Il y avait déjà eu quelques attaques similaires dans des écoles fin octobre, lorsque les manifs spontanées avaient éclaté chez les collégiennes, mais ça avait été qualifié de cas isolés. Alors que depuis une semaine on fait face à une vague d’attaques chimiques massive et qui prend de plus en plus d’ampleur.
- La réaction des autorités iraniennes : reniement, minimisation ou l’attribution des attaques aux dissidents (cf. la couverture du quotidien HAMSHAHRI qui l’attribue à la trinité des dissidents Pahlavi - Radjavi - Alinejad). A noter que tous les établissements scolaires seront fermés pour les fêtes de fin d’année persane du 20 mars au 4 avril, ce qui rendra les mesures d’investigation plus compliquées et la perspective de réouverture des écoles encore plus incertaines. Car il est fort possible que les protestations éclatent de nouveau à l’approche de la nouvelle année civile iranienne et notamment la fête du feu.

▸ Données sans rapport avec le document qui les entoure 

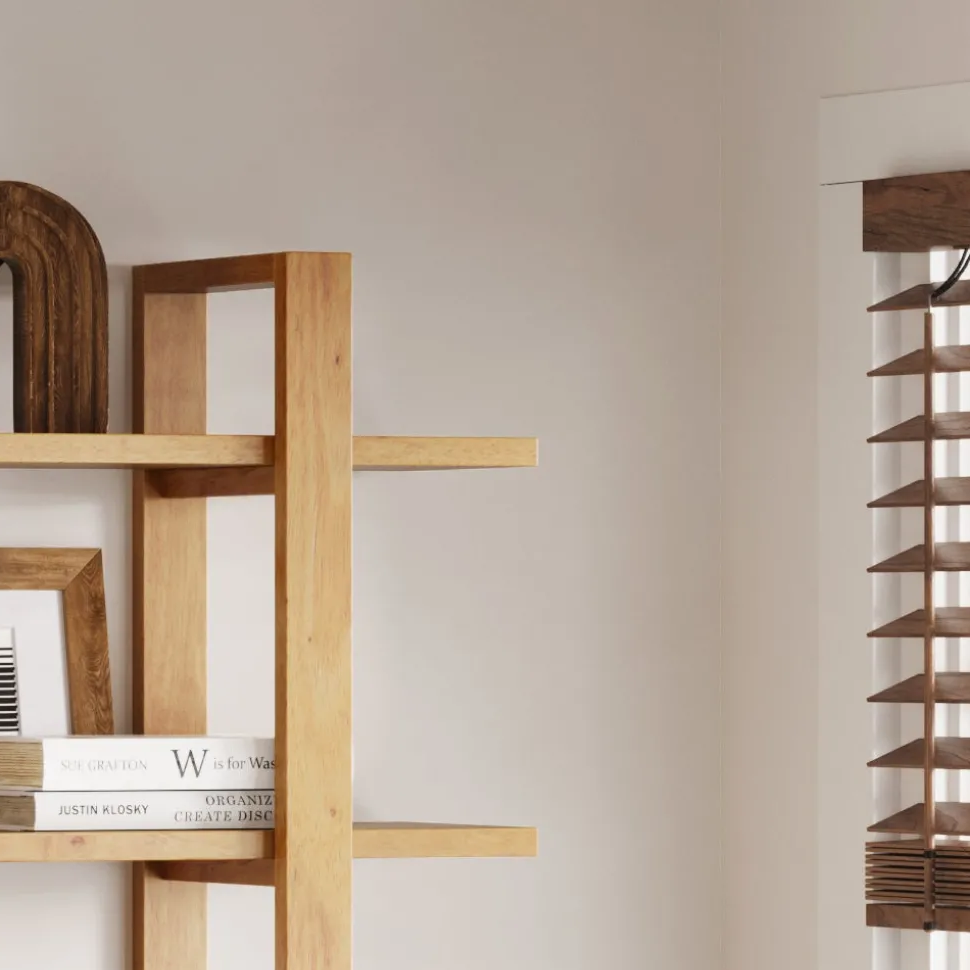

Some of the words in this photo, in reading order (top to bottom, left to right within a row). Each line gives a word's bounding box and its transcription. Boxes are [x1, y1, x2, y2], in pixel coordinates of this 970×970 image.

[87, 758, 148, 771] GRAFTON
[170, 749, 210, 778] W
[213, 757, 224, 770] is
[227, 756, 246, 770] for
[205, 794, 273, 806] ORGANIZ
[58, 804, 98, 816] JUSTIN
[102, 804, 149, 816] KLOSKY
[174, 810, 233, 822] CREATE
[237, 810, 273, 822] DISC

Deux hypothèses surgissent :
- Les attaques sont commises par le régime et sous l’ordre de Ali Khameneï dans le but de faire peur aux jeunes écolières afin de les dissuader de protester
- Les attaques sont perpétrées par une faction plus radicale du régime dans le but de remettre en question l’éducation des femmes de façon plus générale en Iran
Mais le constat revient au même dans les deux cas, un régime qui attaque ses propres jeunes à l’arme chimique, dans des établissements d’intérêt publique, ou qui n’est pas capable de protéger sa population contre le danger des phalanges extrémistes est un régime fantoche et qui est voué à disparition à court ou moyen terme.

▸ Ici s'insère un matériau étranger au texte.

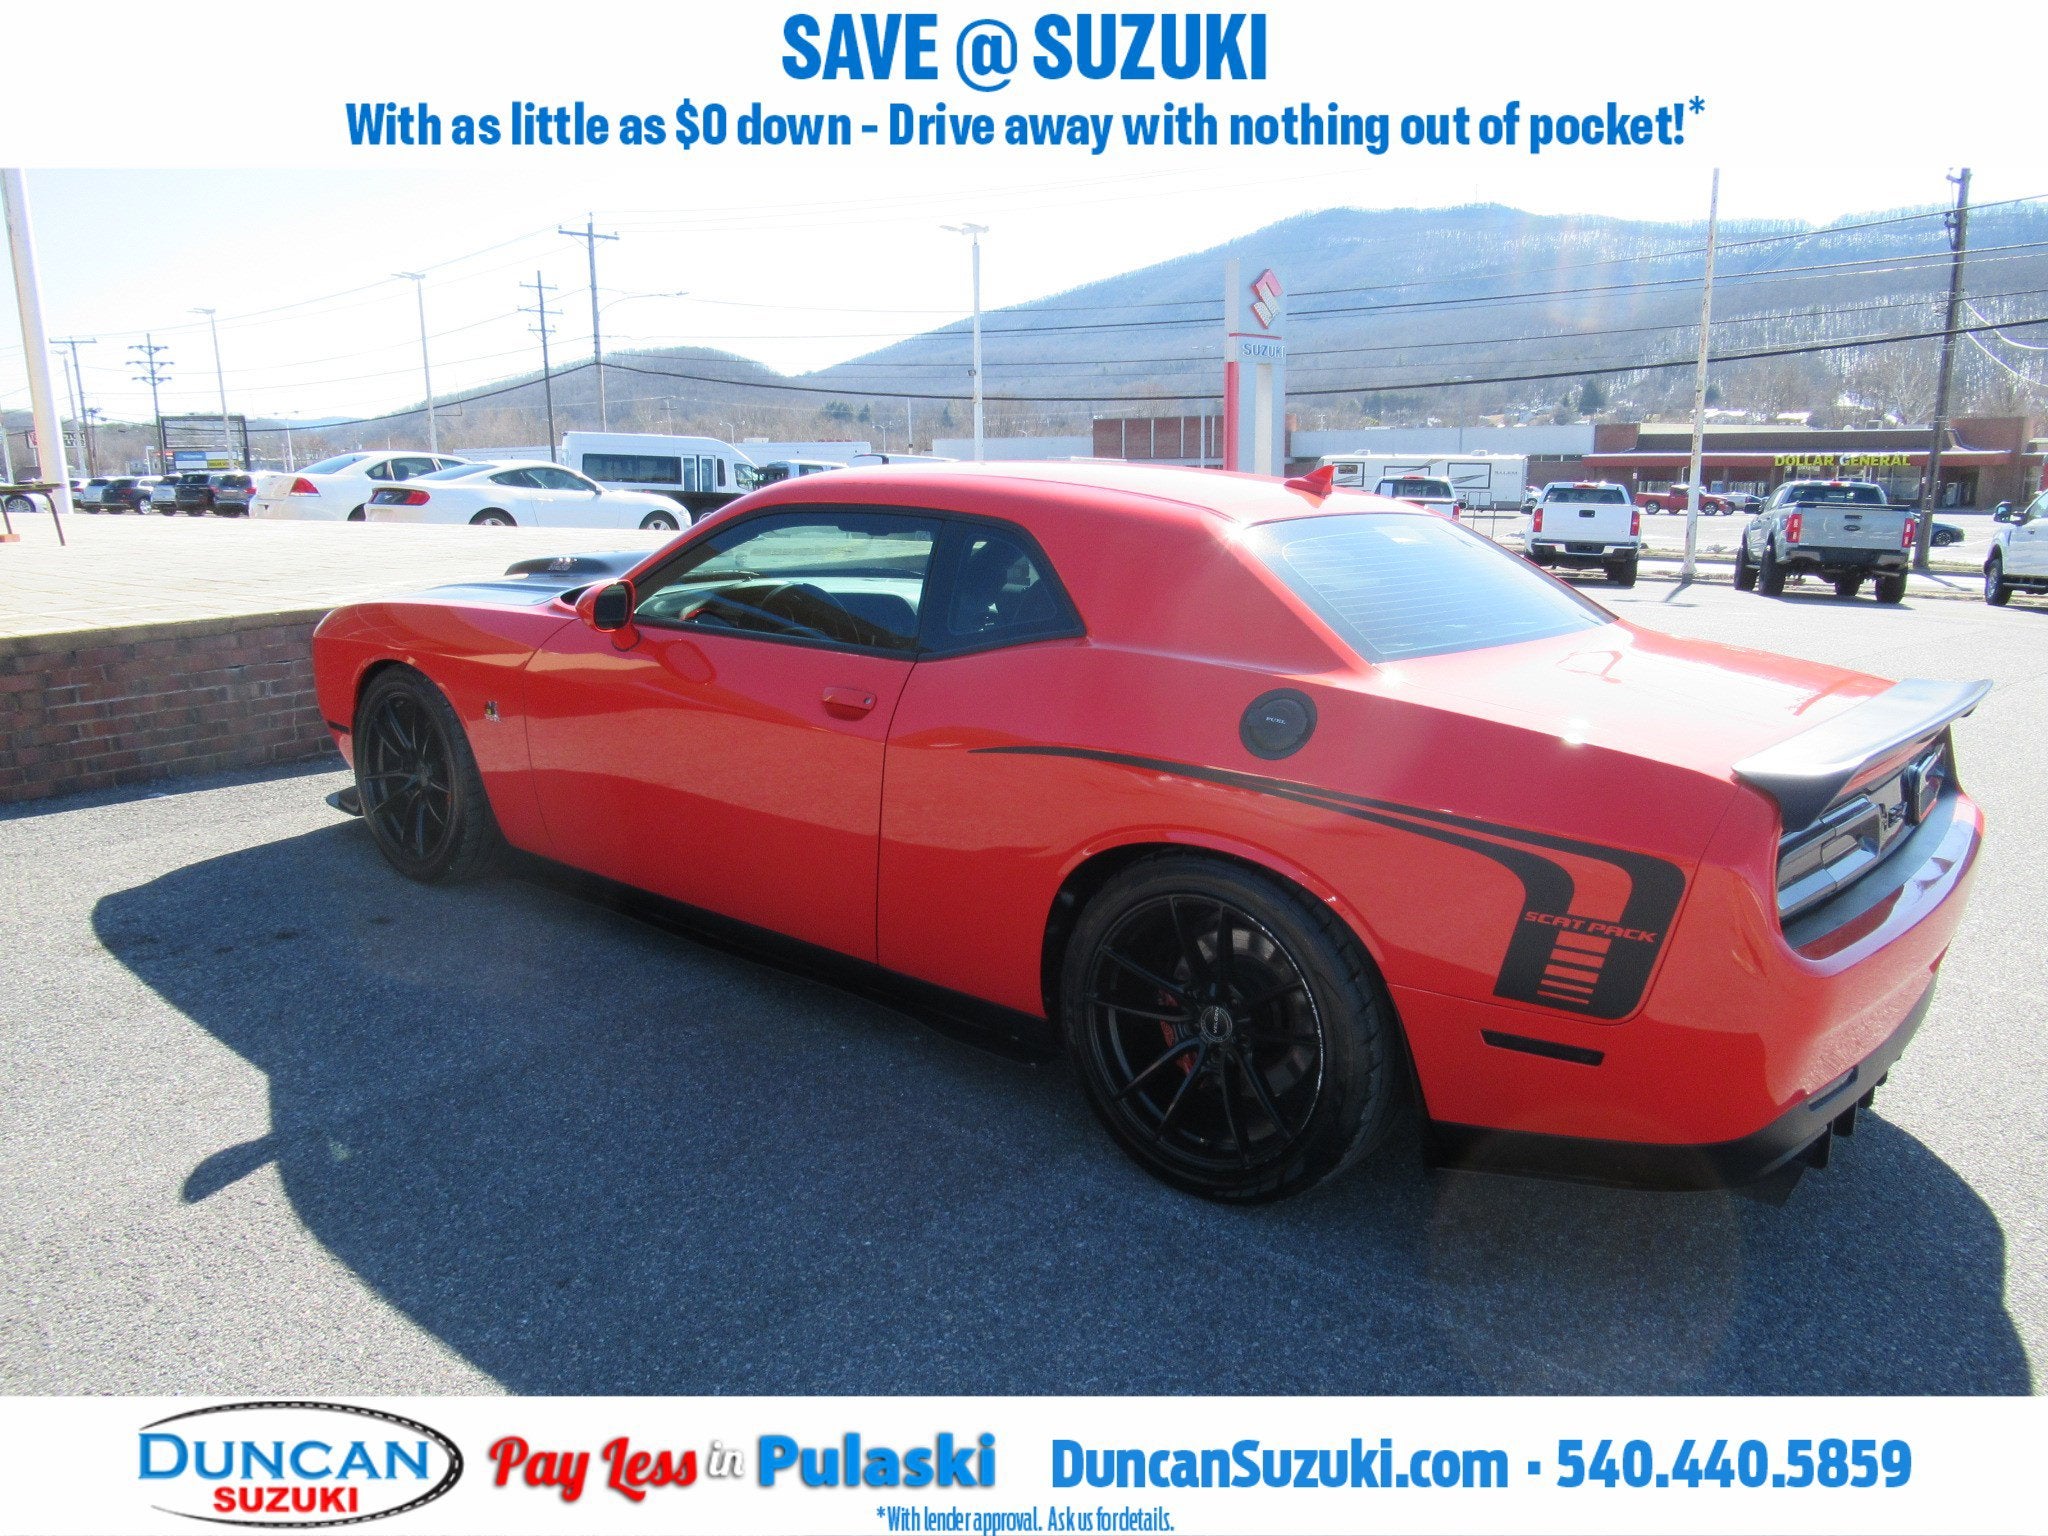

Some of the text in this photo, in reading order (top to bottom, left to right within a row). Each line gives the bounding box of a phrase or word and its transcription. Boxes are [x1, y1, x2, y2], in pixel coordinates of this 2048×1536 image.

[1243, 343, 1284, 358] SUZUKI
[1774, 454, 1910, 467] DOLLAR GENERAL
[1525, 911, 1657, 943] SCAT PACK

La question principale qui se pose est l’attitude à avoir à l’égard de ce régime depuis l’extérieur de l’Iran, depuis les pays dits « démocratiques ». Car sur le fait que tous les chefs d’état occidentaux soutiennent le mouvement « Femme, Vie, Liberté » il n’y a pas de doute. Lorsqu’il s’agit d’opérations de « com » toute la classe politique a exprimé son soutien, mais force est de constater que les glissements progressifs vers des comportements équivoques se font de plus en plus fréquents. Comme par exemple la visite en tchador de Nadine Olivieri Lozano, l’ambassadrice suisse en Iran, au mausolée saint à Qom.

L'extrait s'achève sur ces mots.